Ana Mikadze
Antonio Palacios Rojo
“While Baumgarten proposes conferring on the senses the task of ignoring the ‘inferior’ in favor of a rationalistic perfectibility, Herder makes the aesthetic history of mankind dependent on the constructive acquisition of a dynamic and multiform substance (...). Since humans originally communicated their aesthetic impressions without plot-driven stories, stylistic artifice, or rhetorical attempts at persuasion, basal art distinguished itself through a high measure of spontaneity".
(A Companion to the Works of Johann Gottfried Herder, Hans Adler, Wulf Köpke)
Art and technology have long colluded to privilege the audiovisual, leaving the body’s other senses—smell, touch, taste—neglected and undervalued. This hierarchy, rooted in Western dualism, elevates sight and hearing as the senses of the mind, while relegating the rest to the 'lower' realm of the body. But in an era of hyper-technological control, this division is not just outdated—it is dangerous.
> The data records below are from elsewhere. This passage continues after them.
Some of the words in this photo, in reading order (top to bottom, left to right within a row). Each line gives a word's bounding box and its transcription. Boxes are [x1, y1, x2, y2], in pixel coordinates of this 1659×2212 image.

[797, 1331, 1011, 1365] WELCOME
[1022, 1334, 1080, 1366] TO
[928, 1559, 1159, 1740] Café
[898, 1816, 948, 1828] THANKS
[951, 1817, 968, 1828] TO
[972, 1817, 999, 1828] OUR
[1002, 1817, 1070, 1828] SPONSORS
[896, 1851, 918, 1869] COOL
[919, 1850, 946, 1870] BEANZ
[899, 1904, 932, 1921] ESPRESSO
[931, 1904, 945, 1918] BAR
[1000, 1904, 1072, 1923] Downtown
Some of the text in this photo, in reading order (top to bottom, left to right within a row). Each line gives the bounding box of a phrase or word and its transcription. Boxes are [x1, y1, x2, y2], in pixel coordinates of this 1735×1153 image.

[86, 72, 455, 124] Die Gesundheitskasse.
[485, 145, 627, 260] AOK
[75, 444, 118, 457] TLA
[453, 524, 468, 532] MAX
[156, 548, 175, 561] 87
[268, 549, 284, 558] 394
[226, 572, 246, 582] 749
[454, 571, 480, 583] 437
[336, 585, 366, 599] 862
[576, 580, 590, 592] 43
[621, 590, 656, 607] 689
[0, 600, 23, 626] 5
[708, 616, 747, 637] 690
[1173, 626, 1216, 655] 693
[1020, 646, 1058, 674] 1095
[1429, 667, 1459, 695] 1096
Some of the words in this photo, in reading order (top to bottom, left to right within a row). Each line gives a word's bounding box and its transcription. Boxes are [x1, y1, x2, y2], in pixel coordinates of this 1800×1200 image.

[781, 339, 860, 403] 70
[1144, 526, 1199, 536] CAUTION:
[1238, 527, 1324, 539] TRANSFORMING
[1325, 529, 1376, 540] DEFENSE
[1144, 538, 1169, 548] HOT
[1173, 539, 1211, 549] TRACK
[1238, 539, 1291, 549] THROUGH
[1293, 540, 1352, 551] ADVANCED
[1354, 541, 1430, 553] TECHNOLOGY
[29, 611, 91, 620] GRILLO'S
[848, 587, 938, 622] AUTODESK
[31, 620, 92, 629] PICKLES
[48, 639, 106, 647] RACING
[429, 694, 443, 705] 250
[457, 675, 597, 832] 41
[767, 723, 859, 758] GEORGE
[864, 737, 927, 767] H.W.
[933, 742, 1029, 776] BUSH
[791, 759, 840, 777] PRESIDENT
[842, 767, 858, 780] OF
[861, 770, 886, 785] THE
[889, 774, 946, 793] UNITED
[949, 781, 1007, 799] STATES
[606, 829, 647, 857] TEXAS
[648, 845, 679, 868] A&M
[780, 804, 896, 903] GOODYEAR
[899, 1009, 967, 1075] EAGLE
We need a Basal Art that resists the extractive and exploitative reuse of human images and sounds for commerce, warfare, repression, and surveillance. Smell, touch, and taste ground us in the world, offering direct experience unmediated by machines.
The militarization of automation rests on two dangerous assumptions: first, that geopolitical dominance equals security; and second, that this dominance can be achieved through technology alone. The result? An endless, high-stakes arms race fueled by the ever-expanding military-industrial complex.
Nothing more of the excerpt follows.